Restive and Restless

Commonly Confused Words

Theodore M. Bernstein, Dos, Don'ts & Maybes of English Usage (Gramercy, 1999).

There's only a shade of difference between the words restive and restless, but it's a shade worth paying attention to.

The adjective restive means difficult to control or impatient in the face of restraint or authority.

The adjective restless means unable to rest, relax, or remain still. Unlike restive, restless is not associated with external restraint.

Also see the usage notes below.

Examples:

  • "The only real answer to a restive animal is good schooling. Nothing upsets horses or ponies (or riders) more than a restive animal that will not stand quietly."
    (George Wheatley, The Young Rider's Companion, 1981)
  • "If you have a burning, restless urge to write or paint, simply eat something sweet and the feeling will pass."
    (Fran Lebowitz, Metropolitan Life, 1978)

Usage Notes:

  • "[T]he words [restive and restless] overlap considerably. The 'subtle distinction,' says The American Heritage Guide to Contemporary Usage (2005), is between restive, 'impatient with restriction,' and restless, 'fidgety.' But restive is often merely a synonym for restless. 'Some critics lament this development,' says Garner 2003, 'but it seems irreversible.'"
    (Jan Freeman, Ambrose Bierce's Write It Right. Walker, 2009)
  • "Restless is used for a person or thing that has or gives little rest: 'She spent a restless night worrying about the bills,' 'Never more, Sailor / Shalt thou be / Tossed on the wind-ridden / Restless sea' (Walter de la Mare). Restive is used for a person or thing that is uneasy, or impatient of authority: 'Horses can be restive creatures, anxious to be moving when they should be standing still.'"
    (Adrian Room, Dictionary of Confusable Words. Routledge, 2000)
  • "[A] patient who is sleeping poorly may be restless, but the same patient is restive only if kept in bed against his or her will."
    (Webster's New Essential Writer's Companion. Houghton Mifflin, 2007)

Practice:

(a) "My _____, roaming spirit would not allow me to remain at home very long."
("Buffalo Bill" Cody)

(b) "Pete was a _____ prisoner, and on February 27, 1945, he and a fellow convict escaped from Retrieve Prison Farm and made their way to Detroit before being recaptured by the FBI."
(Douglas V.

Meed, Texas Ranger Johnny Klevenhagen. Republic of Texas Press, 2000)

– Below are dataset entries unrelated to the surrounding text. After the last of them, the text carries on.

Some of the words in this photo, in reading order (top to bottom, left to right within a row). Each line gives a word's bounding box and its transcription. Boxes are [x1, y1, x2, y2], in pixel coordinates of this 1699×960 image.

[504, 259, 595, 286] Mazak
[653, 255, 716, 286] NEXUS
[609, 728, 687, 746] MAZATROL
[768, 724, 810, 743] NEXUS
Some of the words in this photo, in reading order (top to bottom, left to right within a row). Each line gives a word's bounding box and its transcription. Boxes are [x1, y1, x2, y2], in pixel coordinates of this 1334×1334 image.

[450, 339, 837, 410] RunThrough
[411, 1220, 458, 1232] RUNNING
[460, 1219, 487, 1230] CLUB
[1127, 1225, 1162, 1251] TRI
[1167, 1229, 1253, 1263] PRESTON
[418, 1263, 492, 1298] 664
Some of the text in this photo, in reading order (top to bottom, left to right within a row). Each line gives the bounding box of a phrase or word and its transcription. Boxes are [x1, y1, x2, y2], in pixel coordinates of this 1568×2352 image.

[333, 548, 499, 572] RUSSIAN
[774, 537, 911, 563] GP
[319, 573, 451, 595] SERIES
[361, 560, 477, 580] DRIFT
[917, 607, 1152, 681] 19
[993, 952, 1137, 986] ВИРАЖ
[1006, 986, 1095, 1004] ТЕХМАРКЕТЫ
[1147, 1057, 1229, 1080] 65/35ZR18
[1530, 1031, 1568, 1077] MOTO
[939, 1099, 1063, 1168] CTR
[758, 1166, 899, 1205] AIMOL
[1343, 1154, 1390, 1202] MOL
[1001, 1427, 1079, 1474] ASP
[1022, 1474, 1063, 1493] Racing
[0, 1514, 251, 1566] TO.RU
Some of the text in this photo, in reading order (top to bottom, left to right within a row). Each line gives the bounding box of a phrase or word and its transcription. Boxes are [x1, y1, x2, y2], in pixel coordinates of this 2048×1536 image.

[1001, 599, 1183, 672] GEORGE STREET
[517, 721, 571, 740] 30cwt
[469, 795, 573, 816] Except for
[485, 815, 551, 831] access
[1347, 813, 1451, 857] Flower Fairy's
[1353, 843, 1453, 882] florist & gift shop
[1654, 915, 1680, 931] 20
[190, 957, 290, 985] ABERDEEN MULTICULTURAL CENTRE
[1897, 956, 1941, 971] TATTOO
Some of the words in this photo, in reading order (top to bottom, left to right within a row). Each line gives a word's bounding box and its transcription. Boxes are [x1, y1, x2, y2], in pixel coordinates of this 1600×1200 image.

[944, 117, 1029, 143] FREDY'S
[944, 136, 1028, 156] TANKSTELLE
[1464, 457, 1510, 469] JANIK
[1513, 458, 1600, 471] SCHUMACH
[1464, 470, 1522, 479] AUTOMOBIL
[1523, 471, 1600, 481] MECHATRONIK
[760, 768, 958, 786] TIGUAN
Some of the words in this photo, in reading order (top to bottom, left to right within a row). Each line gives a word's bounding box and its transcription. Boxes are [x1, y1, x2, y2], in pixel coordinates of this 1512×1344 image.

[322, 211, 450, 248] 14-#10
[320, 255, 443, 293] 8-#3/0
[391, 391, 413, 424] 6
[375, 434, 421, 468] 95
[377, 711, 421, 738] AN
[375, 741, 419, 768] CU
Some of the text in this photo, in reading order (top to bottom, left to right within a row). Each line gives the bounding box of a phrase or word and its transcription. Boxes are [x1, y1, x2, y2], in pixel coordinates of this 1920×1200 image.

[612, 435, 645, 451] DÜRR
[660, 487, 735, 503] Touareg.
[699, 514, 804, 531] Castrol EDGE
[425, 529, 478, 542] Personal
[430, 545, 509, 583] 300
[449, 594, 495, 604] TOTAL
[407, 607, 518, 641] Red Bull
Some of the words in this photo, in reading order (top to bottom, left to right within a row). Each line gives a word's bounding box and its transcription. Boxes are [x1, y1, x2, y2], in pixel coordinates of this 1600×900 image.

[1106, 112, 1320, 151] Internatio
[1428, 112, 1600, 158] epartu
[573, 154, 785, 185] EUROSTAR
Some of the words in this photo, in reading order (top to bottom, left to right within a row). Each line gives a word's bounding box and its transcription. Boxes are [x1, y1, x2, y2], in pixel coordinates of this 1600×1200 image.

Answers to Practice Exercises

Glossary of Usage: Index of Commonly Confused Words

Answers to Practice Exercises: Restive and Restless

(a) "My restless, roaming spirit would not allow me to remain at home very long."
("Buffalo Bill" Cody)

(b) "Pete was a restive prisoner, and on February 27, 1945, he and a fellow convict escaped from Retrieve Prison Farm and made their way to Detroit before being recaptured by the FBI."
(Douglas V. Meed, Texas Ranger Johnny Klevenhagen. Republic of Texas Press, 2000)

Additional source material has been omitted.